More specifically NVBots is focused, currently, on the educational market. Because engineers at big businesses have been trained to design objects for traditional manufacturing, teaching them to design for additive manufacturing has its obstacles. Instead, AJ believes that the real revolution in design and production with 3D printing will be led by the next generation of designers. With three pilot programs in local schools, AJ is finding that young students already have an intuitive grasp of the technology, that 3D printing works well with the way that the human mind works. So, the company is perfecting its NVPrinter for schools and classrooms, where he thinks the next generation will be able to implement the technology and drive it forward.

All of this thinking is partially cultivated by the company’s surrounding environment. AJ and his team are all graduates of MIT, a university that has combined industry and education in such a fluid way that it’s natural for its students to seamlessly invent innovative new technologies and bring them to market. The school is home to such 3D printing pioneers as Michael Cima, one of the inventors of powderbed 3D printing technology, and Marina Hatsopoulos, co-founder of Zcorp, both of whom are advisers to NVBots alongside Professor of Mechanical Engineering, Alexander Slocum.

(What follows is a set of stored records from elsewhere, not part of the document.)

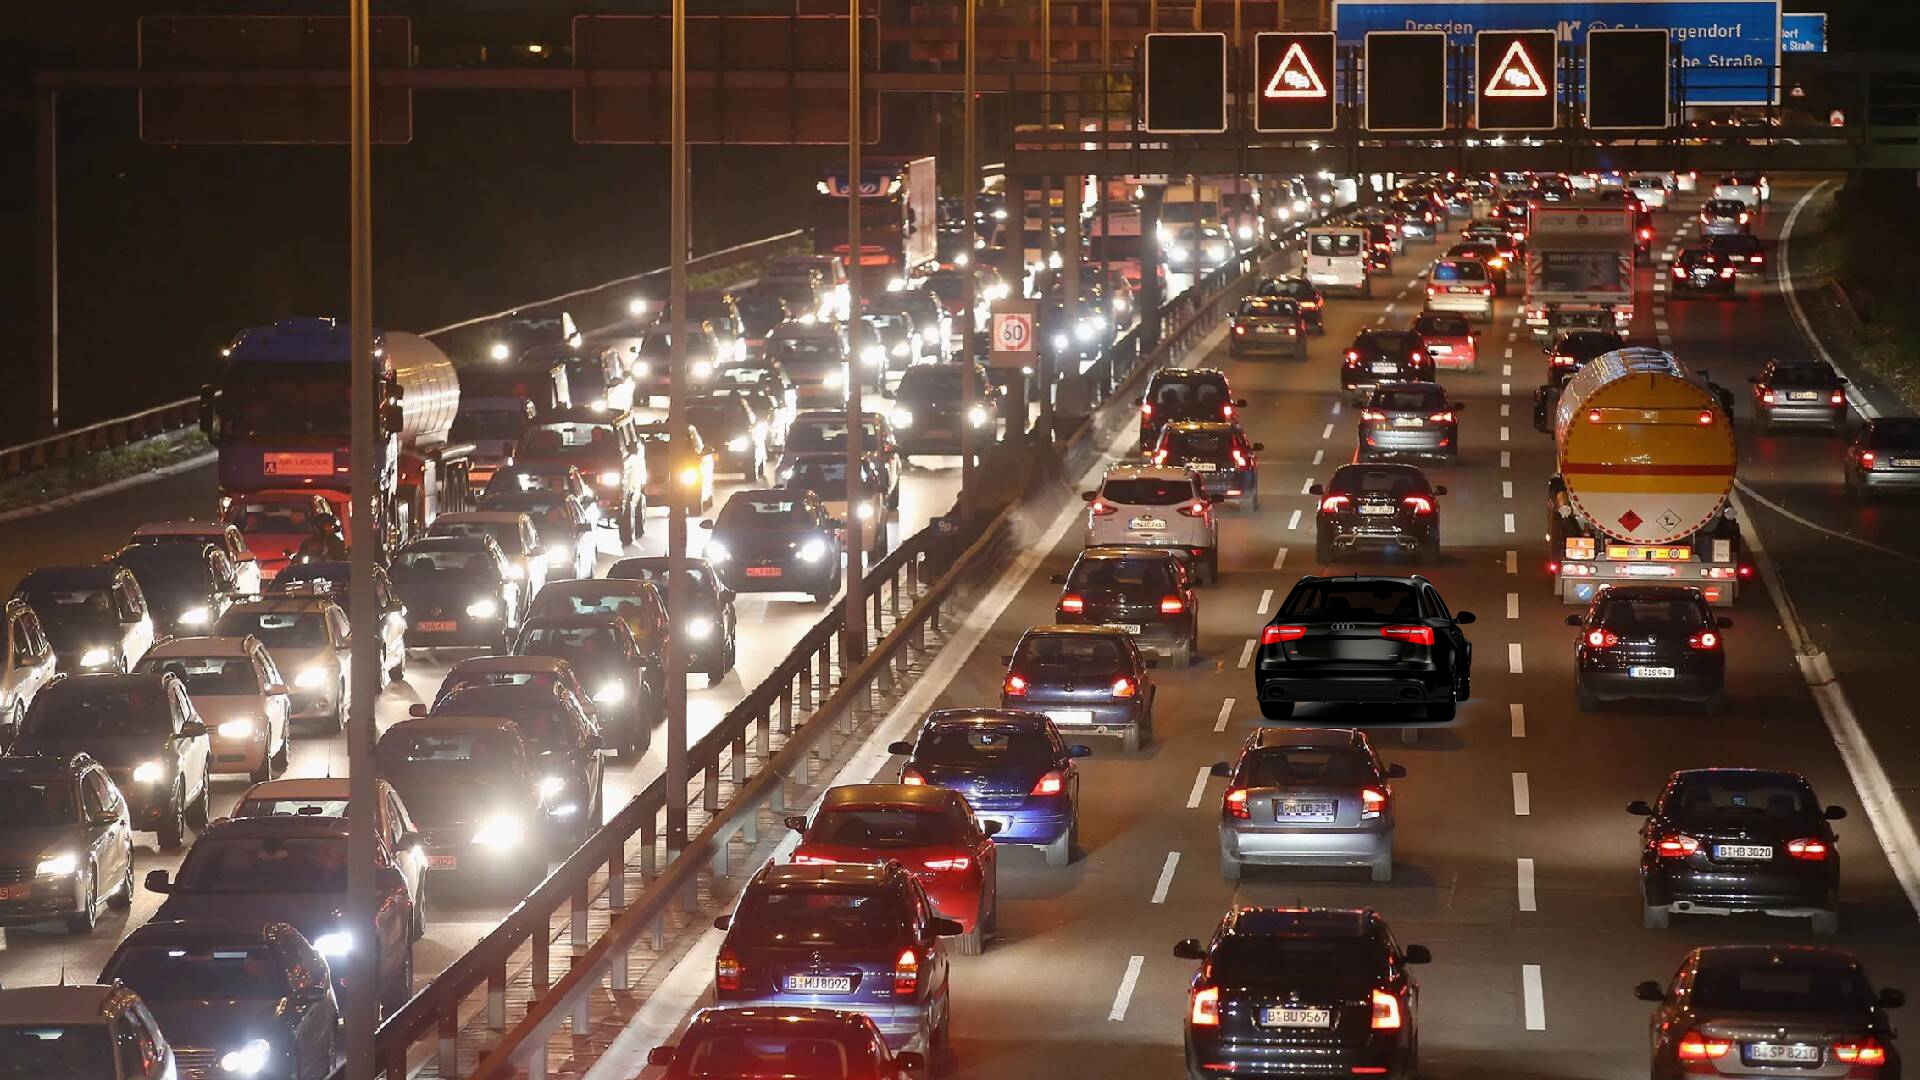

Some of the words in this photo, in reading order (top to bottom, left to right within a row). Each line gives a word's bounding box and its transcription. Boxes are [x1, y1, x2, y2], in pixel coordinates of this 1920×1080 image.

[1405, 19, 1473, 35] Dresden
[1708, 54, 1764, 68] Straße
[1002, 323, 1023, 341] 60
[1720, 846, 1727, 856] B
[1747, 847, 1771, 857] 3020
[789, 977, 797, 989] B
[820, 978, 849, 990] 8092
[1267, 1011, 1276, 1022] B
[1283, 1011, 1298, 1023] BU
[1300, 1011, 1329, 1023] 9567
[1753, 1047, 1761, 1057] B
[1769, 1047, 1785, 1059] SP
[1787, 1048, 1817, 1060] 8210
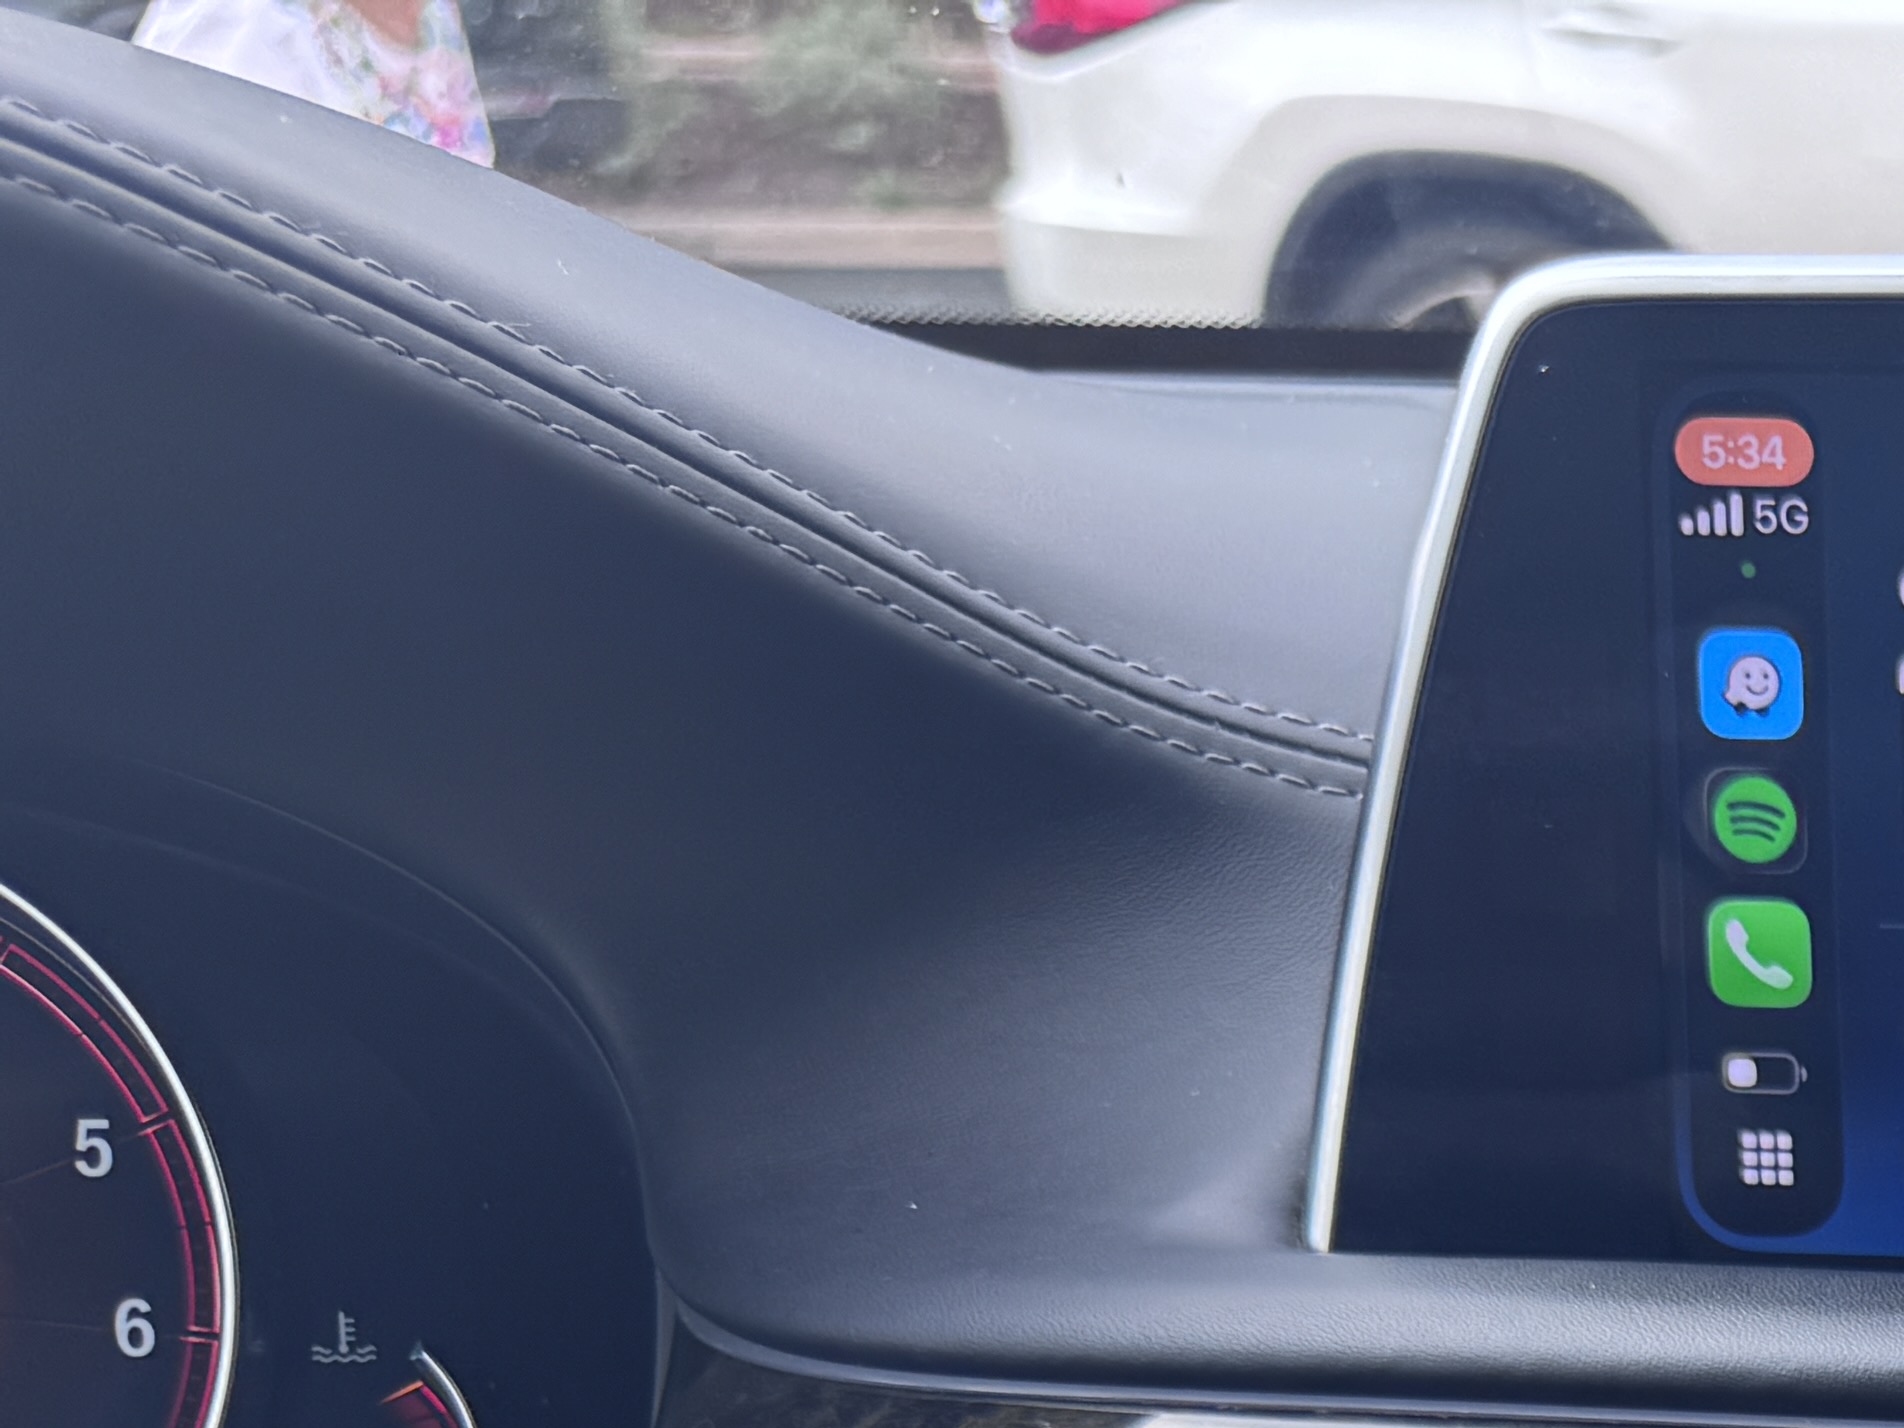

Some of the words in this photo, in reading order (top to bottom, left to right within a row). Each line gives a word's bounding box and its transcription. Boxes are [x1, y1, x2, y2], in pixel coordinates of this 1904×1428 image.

[1701, 434, 1786, 470] 5:34
[1753, 500, 1808, 535] 5G
[74, 1118, 113, 1178] 5
[114, 1298, 155, 1358] 6
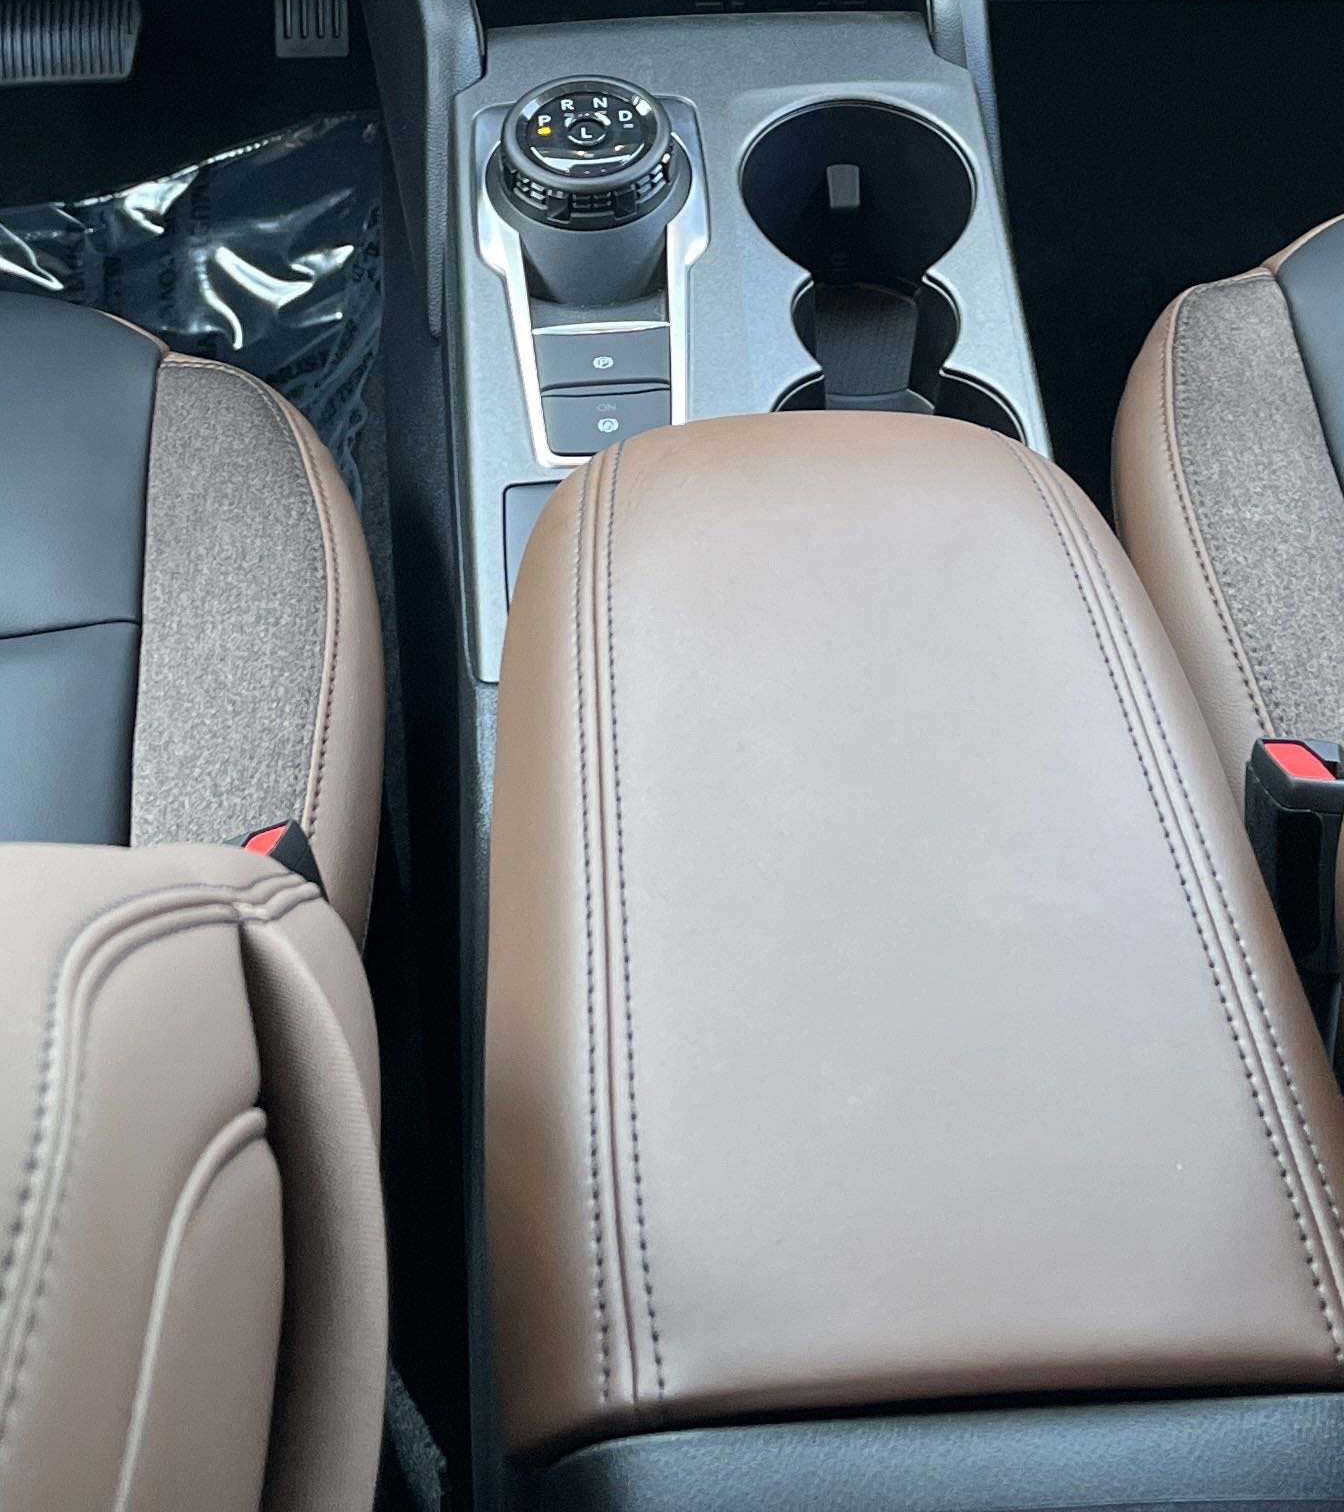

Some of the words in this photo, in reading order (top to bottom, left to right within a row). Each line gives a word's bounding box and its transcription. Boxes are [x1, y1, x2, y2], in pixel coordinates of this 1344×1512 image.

[538, 115, 552, 127] P
[560, 99, 574, 110] R
[593, 97, 608, 108] N
[618, 110, 633, 122] D
[580, 127, 593, 139] L
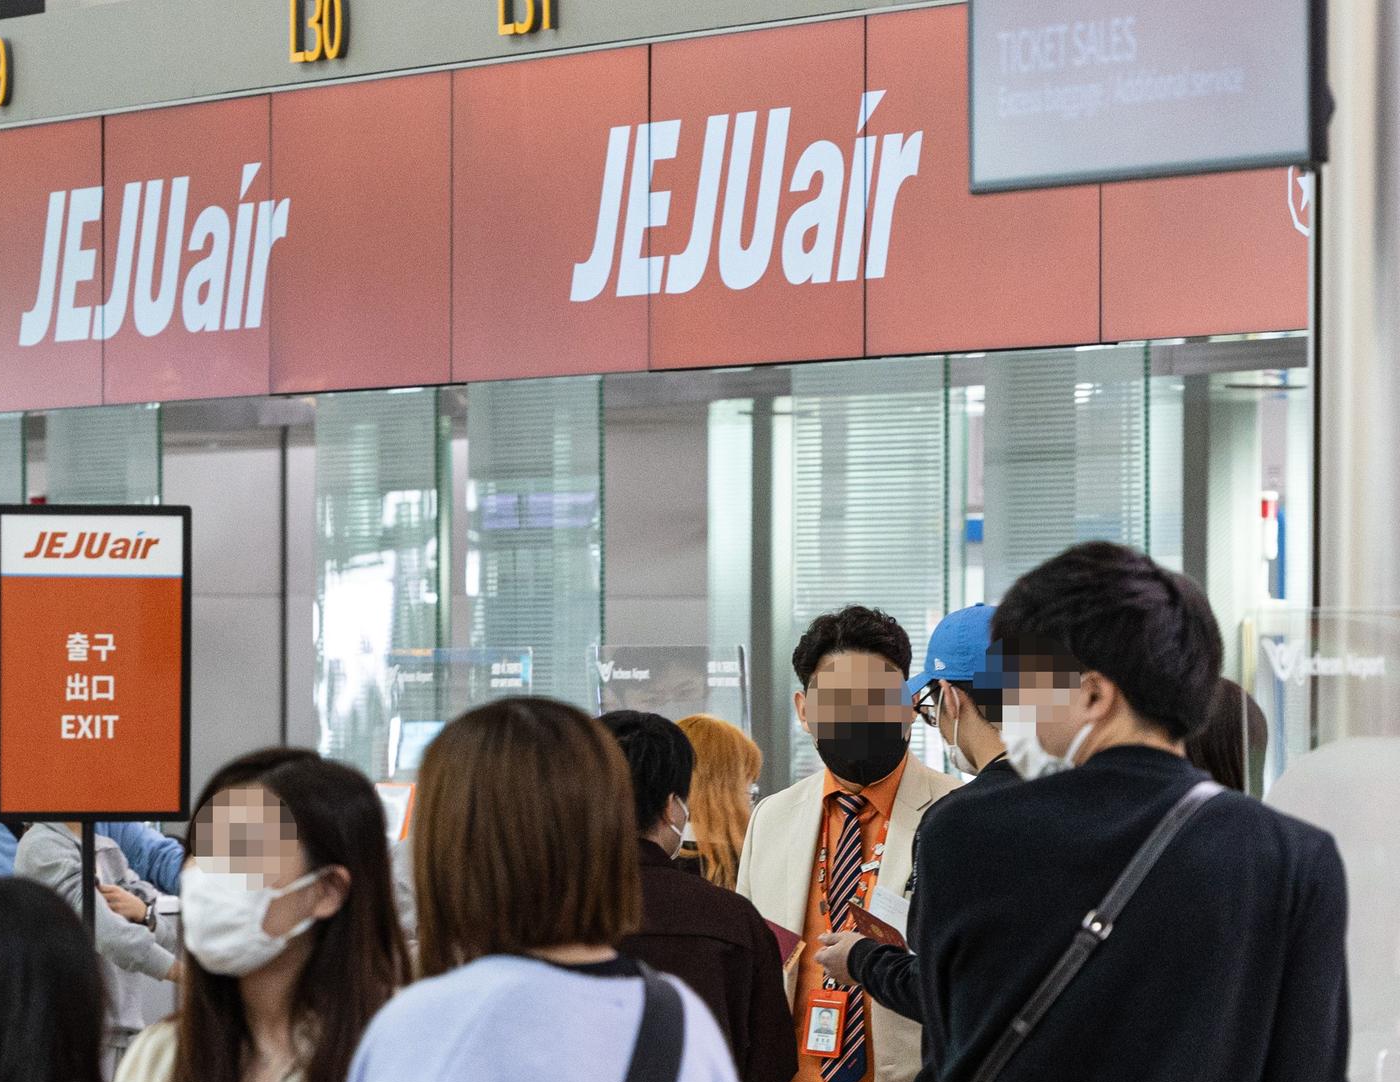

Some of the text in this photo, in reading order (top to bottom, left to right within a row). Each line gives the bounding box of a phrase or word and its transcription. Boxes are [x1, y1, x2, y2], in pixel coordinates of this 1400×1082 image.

[290, 0, 342, 62] L30
[997, 16, 1138, 74] TICKET SALES
[65, 632, 116, 662] 출구
[65, 673, 115, 701] 出口
[61, 714, 120, 739] EXIT

Altogether, and with the help of NVBots’ CEO, the school is becoming a hotbed for new 3D printing technology.  As a graduate student, AJ took part in establishing the school’s first graduate-level 3D printing class, where he’s worked with students on a number of projects you may have read about, including the ice cream 3D printer. He continues to help cultivate a culture around the technology where students and professors from various programs will cross-pollinate over the field of 3D printing.  As he guides his business, and his students, AJ has promised to share with us more news from the school, where we are sure to see some very promising projects arise to affect the entire 3D printing industry.